Nacional

Nyusi pede "apoios concretos" da comunidade internacional

2020-02-14 16:41:28 (UTC+00:00)

O Presidente da República, Filipe Nyusi, apelou hoje em Maputo aos parceiros internacionais para concretizarem os apoios que têm prometido para o fim da violência armada no centro e norte do país, alertando para o risco de alastramento dos ataques.

MAPUTO- "Eu gostaria, nesse aspecto, de apelar aos nossos amigos que é bom que os apoios que tanto proclamamos sejam objectivos e concretos", disse Filipe Nyusi, falando num encontro com o corpo diplomático acreditado em Maputo, por ocasião do início do ano.

Nyusi assinalou que muitos países têm mostrado disponibilidade para ajudar o país a acabar com as ações armadas no norte do país, mas essa vontade não tem sido materializada.

"Quando perguntamos sobre como querem apoiar, não dizem nada, não há coisas concretas", sublinhou o chefe de Estado moçambicano.

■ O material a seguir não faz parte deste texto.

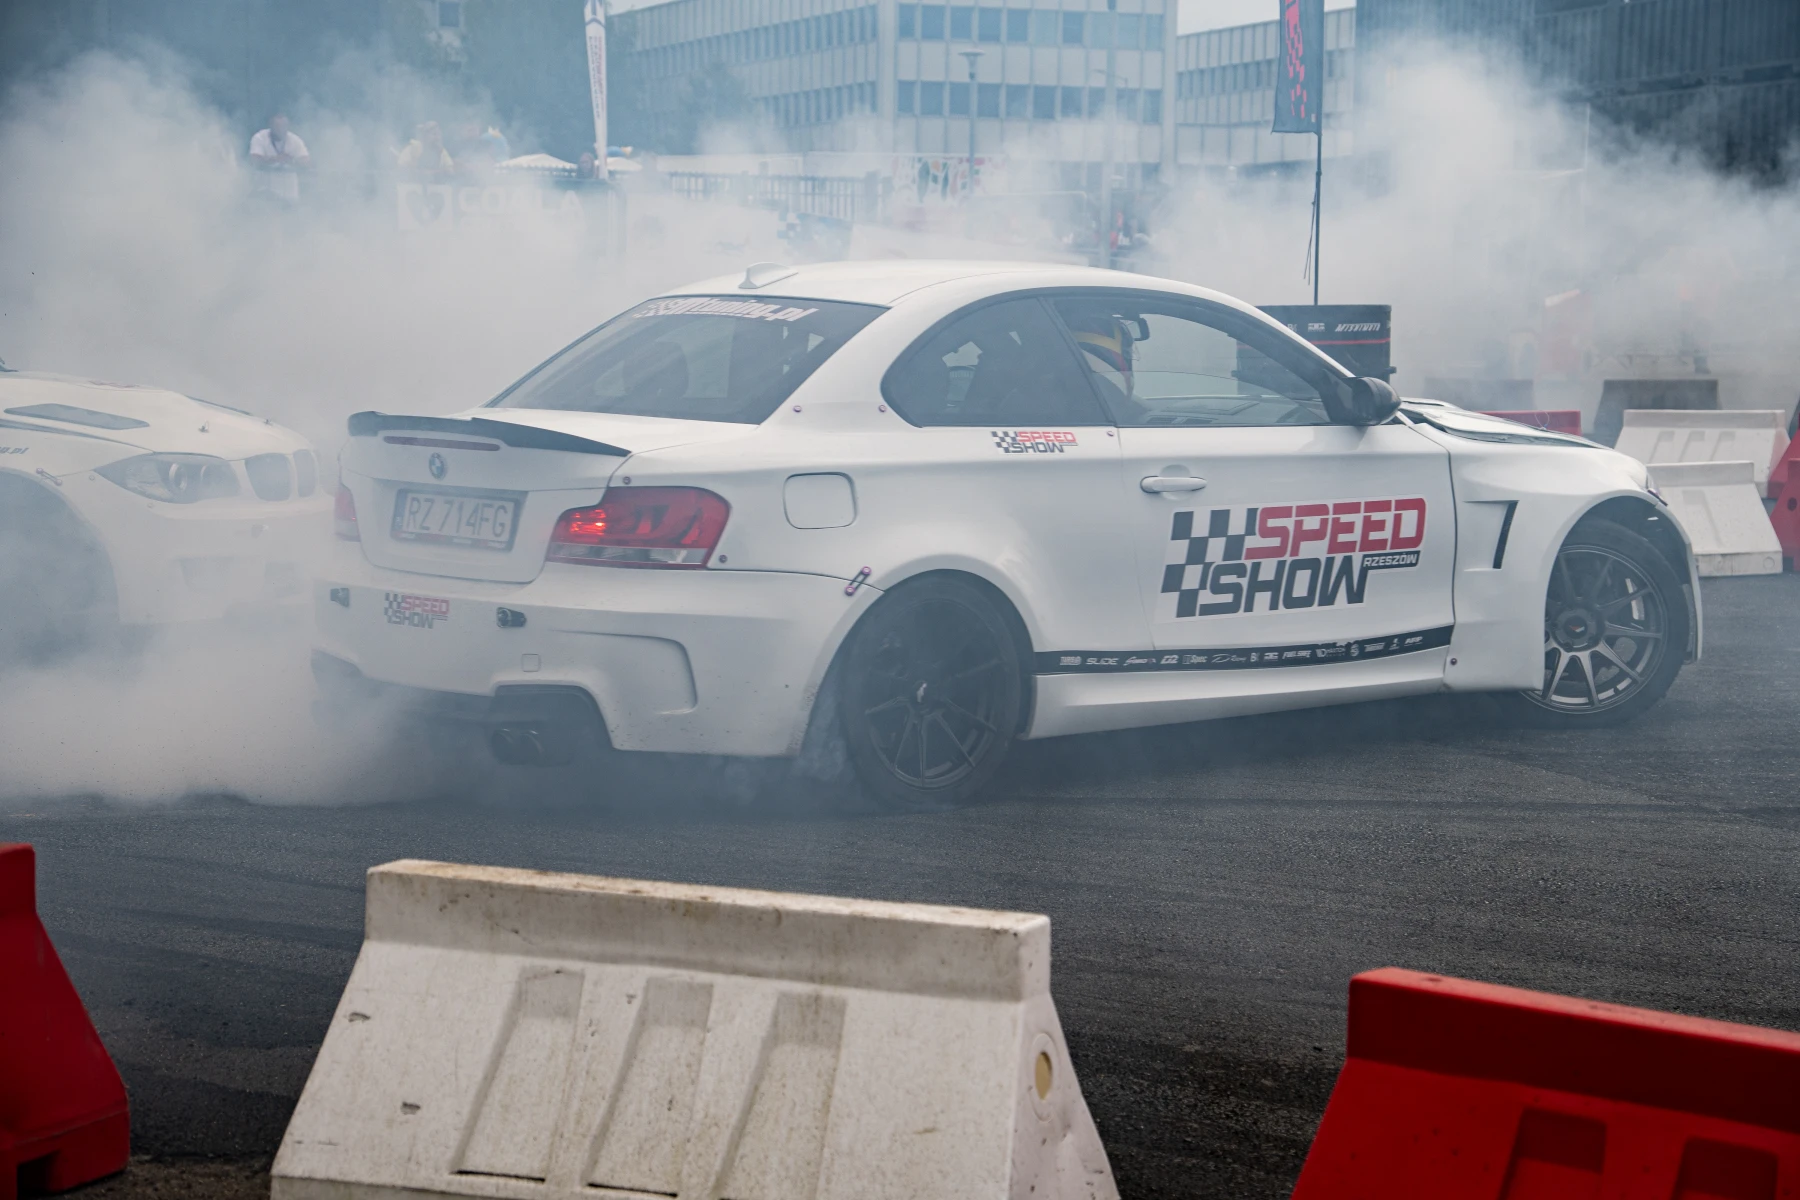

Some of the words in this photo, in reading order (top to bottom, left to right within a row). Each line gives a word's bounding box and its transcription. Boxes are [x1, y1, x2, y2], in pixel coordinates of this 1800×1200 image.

[1018, 431, 1077, 443] SPEED
[1010, 442, 1065, 453] SHOW
[405, 497, 435, 531] RZ
[438, 500, 509, 538] 714FG
[1244, 497, 1426, 560] SPEED
[1363, 553, 1418, 567] RZESZÓW
[1198, 554, 1370, 617] SHOW
[401, 595, 449, 615] SPEED
[389, 609, 434, 629] SHOW
[1085, 657, 1119, 665] SLIDE
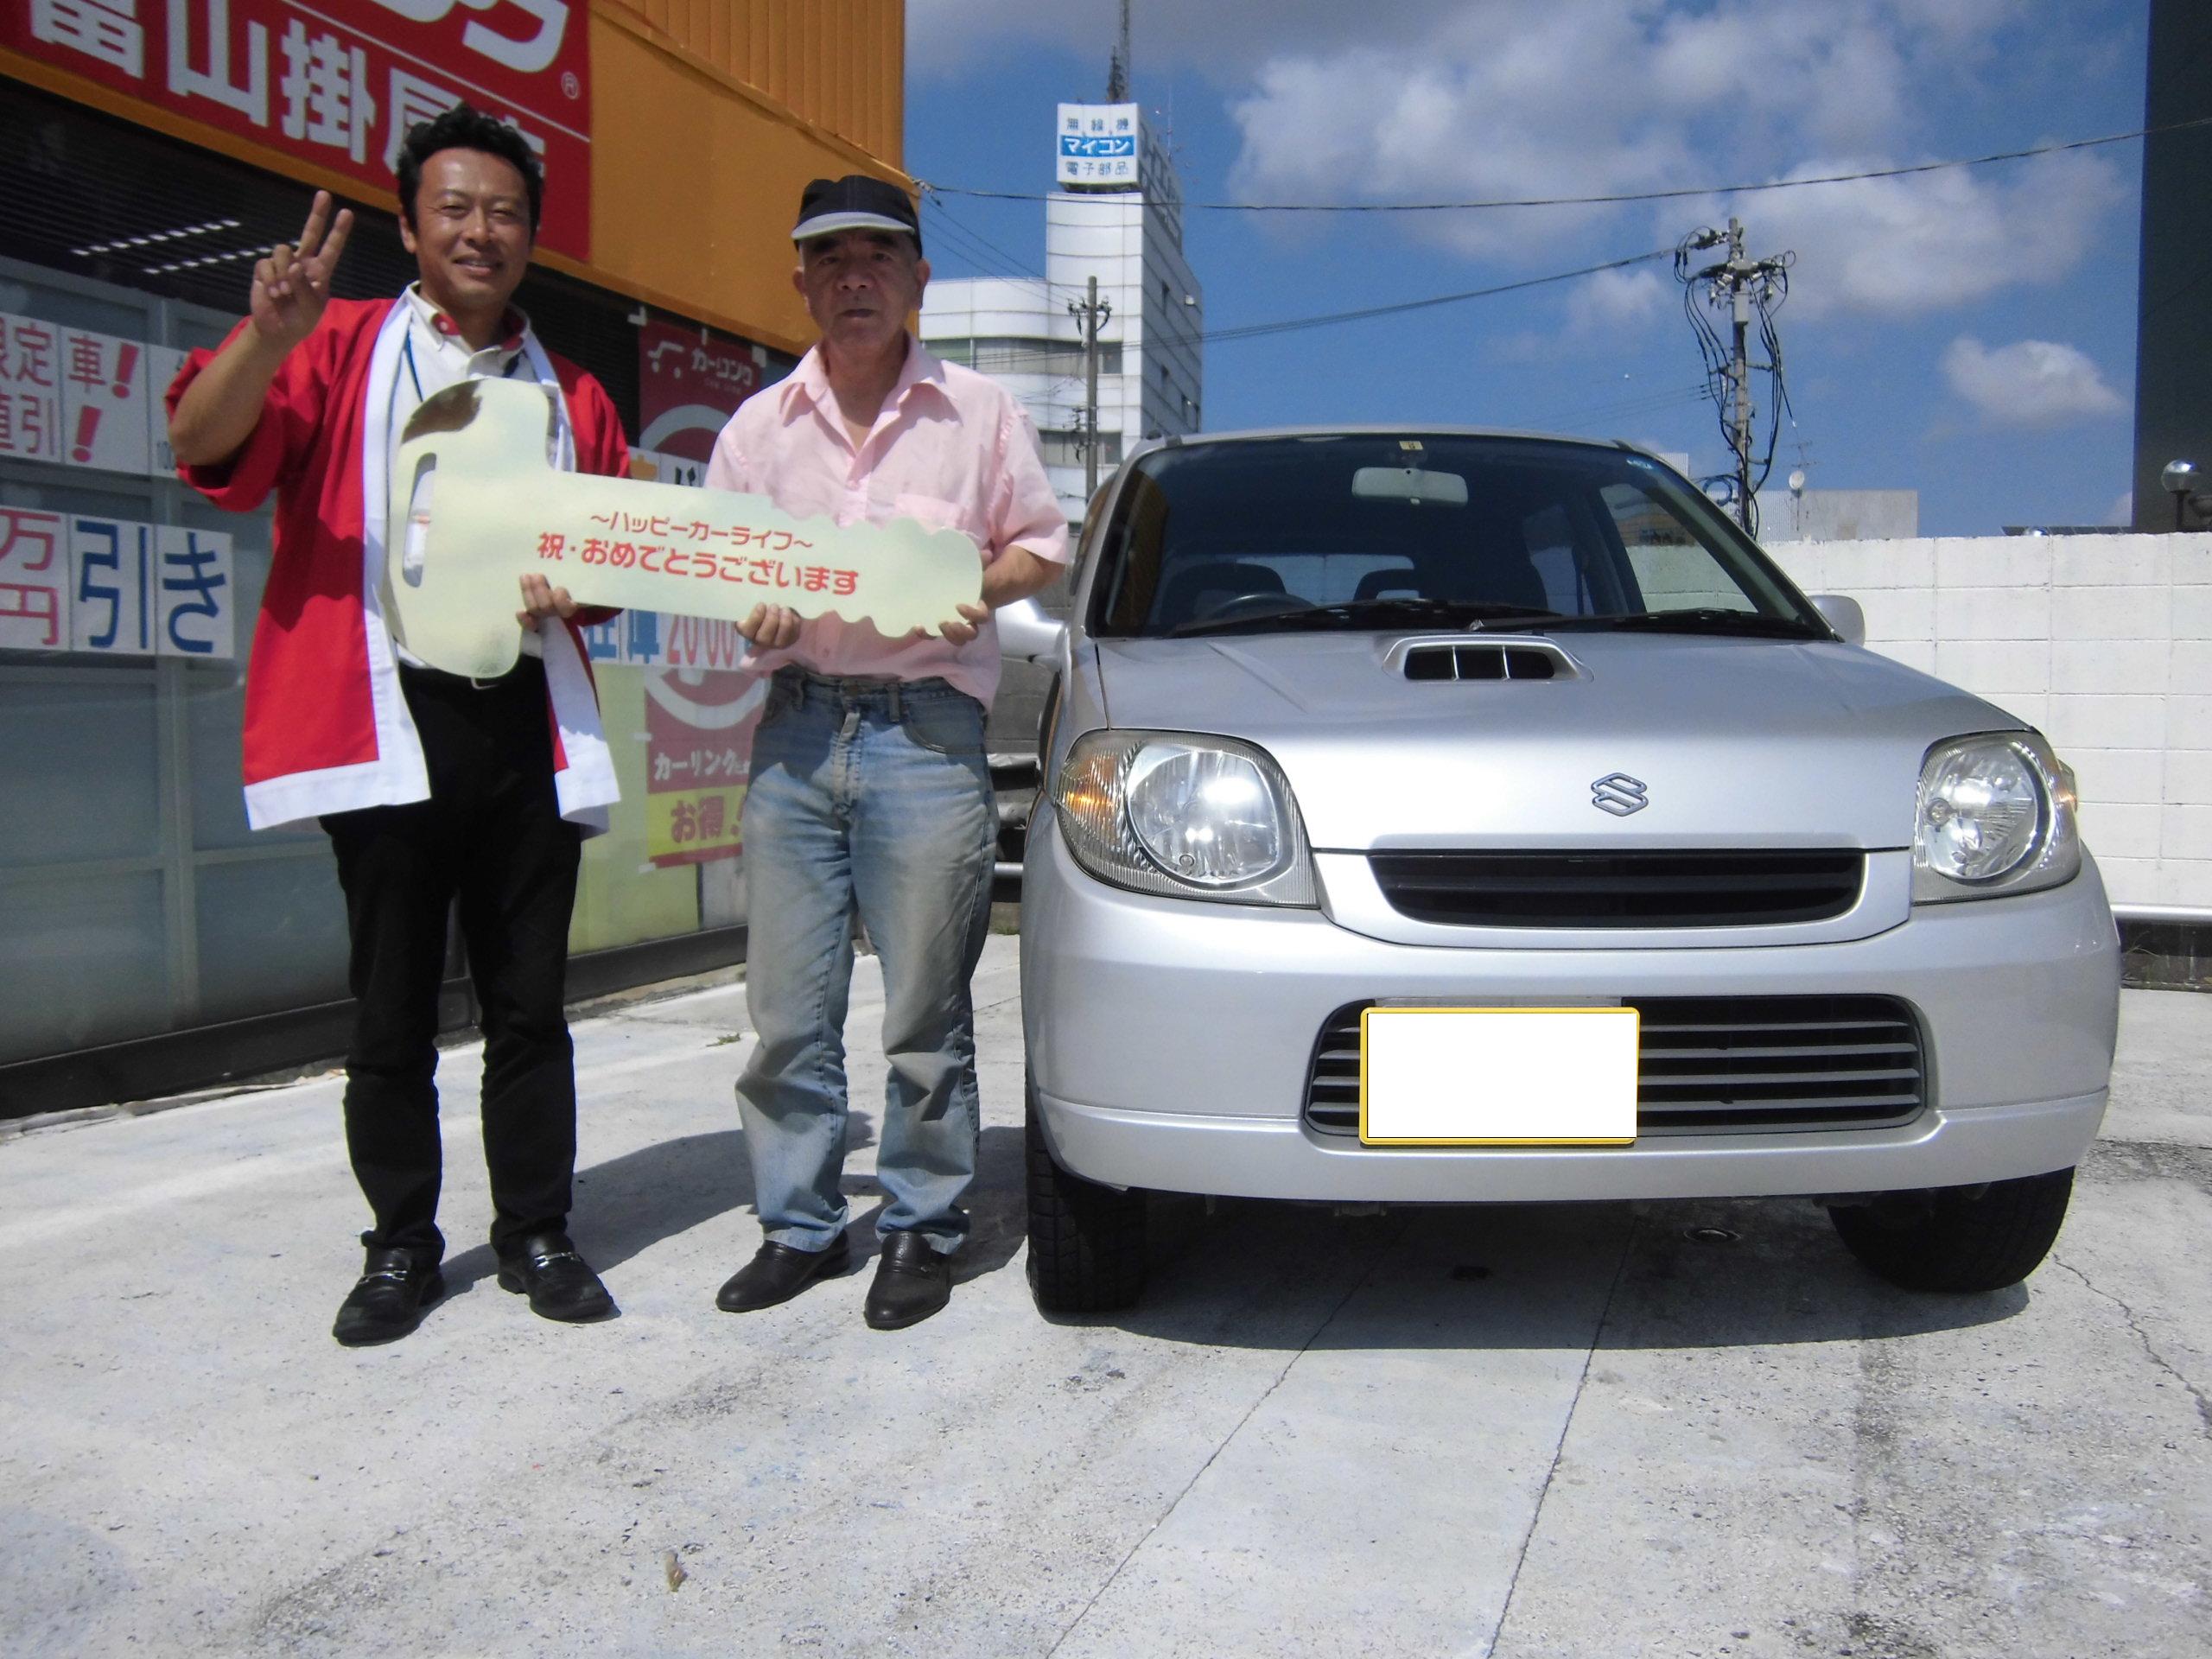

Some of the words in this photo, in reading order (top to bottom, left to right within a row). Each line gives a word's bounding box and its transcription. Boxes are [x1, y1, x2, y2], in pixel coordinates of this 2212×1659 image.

[1064, 137, 1131, 155] マイコン
[1065, 161, 1128, 175] 電子部品
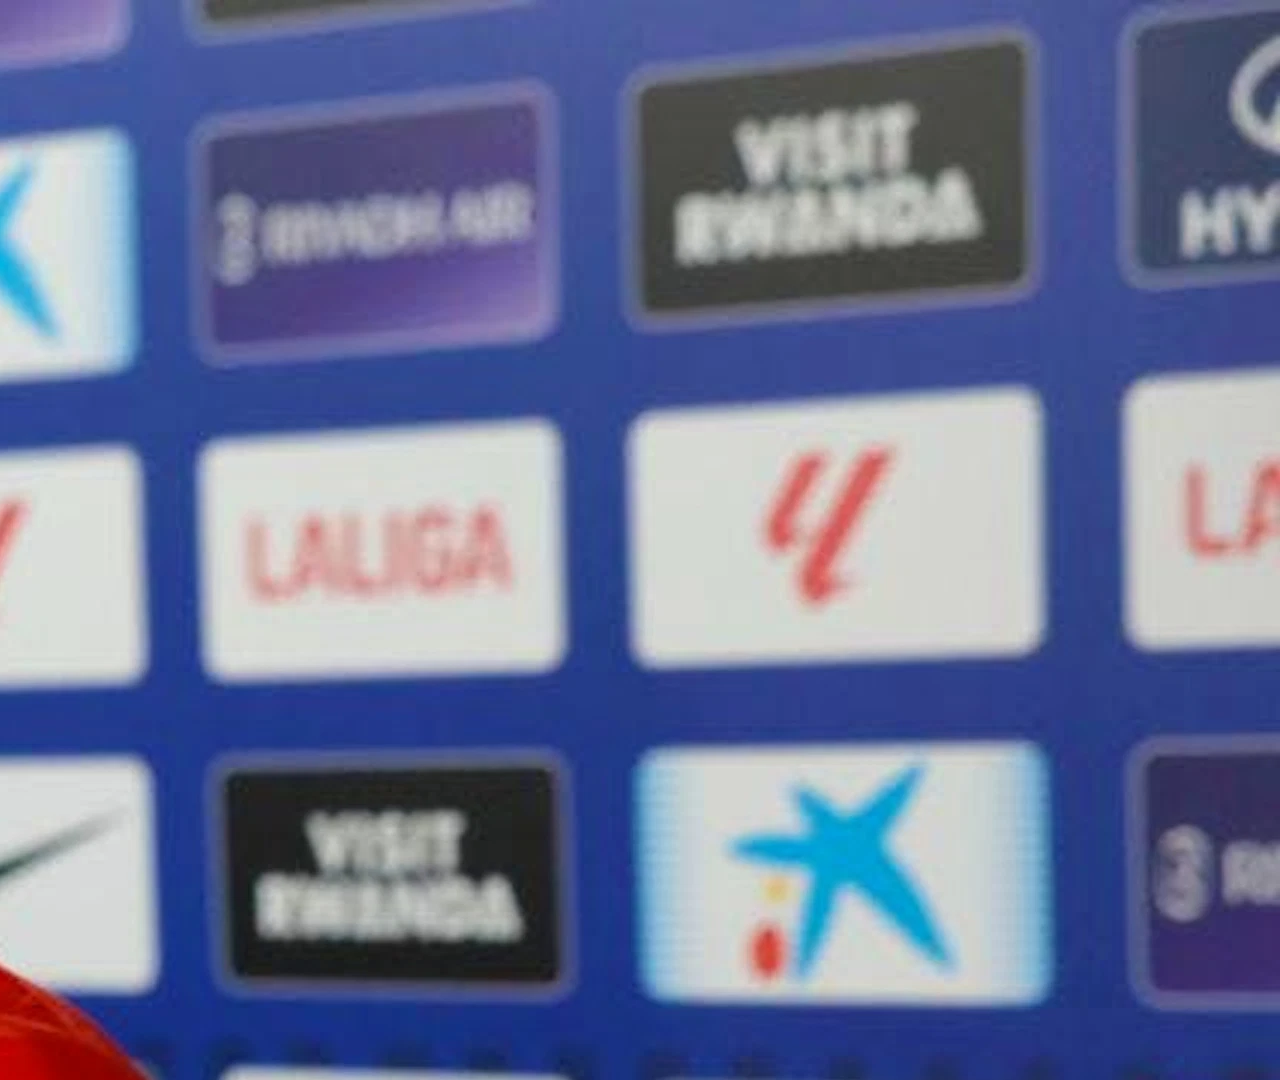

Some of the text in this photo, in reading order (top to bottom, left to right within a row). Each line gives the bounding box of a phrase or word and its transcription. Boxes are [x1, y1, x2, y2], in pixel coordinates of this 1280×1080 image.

[736, 103, 923, 186] VISIT
[245, 502, 516, 605] LALIGA
[306, 810, 466, 872] VISIT

A acção de grupos armados, prosseguiu, conta com o envolvimento de estrangeiros e pode alastrar-se para outros países da África Austral.

"No mundo globalizado em que vivemos, os problemas internacionais não têm fronteiras e incidem de forma comum sobre os nossos países", enfatizou o chefe de Estado moçambicano.

Sobre os ataques em alguns troços de estrada no centro, que as autoridades moçambicanas atribuem a guerrilheiros da Renamo, Filipe Nyusi pediu à liderança do principal partido da oposição que promova um diálogo interno que acabe com divisões na organização.

"A liderança (da Renamo) devia ser mais proativa" na promoção de um "consenso interno", porque o país "não pode assistir impavidamente à violência", acrescentou Filipe Nyusi.

O Governo, prosseguiu, vai encorajar o principal partido da oposição a respeitar o Acordo de Paz e Reconciliação Nacional assinado em agosto do ano passado, visando assegurar uma maior celeridade ao processo de Desarmamento, Desmobilização e Reintegração (DDR) da guerrilha da Renamo.

Na região norte de Moçambique, mais concretamente na província de Cabo Delgado, Os ataques de grupos armados já provocaram pelo menos 350 mortos e 156.400 pessoas afetadas com perda de bens ou obrigadas a abandonar casa e terras em busca de locais seguros.

Na província de Cabo Delgado, estão a avançar as obras dos megaprojetos que daqui a quatro anos vão colocar Moçambique no 'top 10' dos produtores mundiais de gás natural e que onde há algumas empresas e trabalhadores portugueses entre as dezenas de empreiteiros contratados pelos consórcios de petrolíferas.

Na região centro, mais de 20 pessoas perderam a vida desde agosto do ano passado, devido a ataques armados a alvos civis e das forças de defesa e segurança, que as autoridades atribuem à Junta Militar da Renamo, um grupo dissidente da guerrilha da principal força da oposição.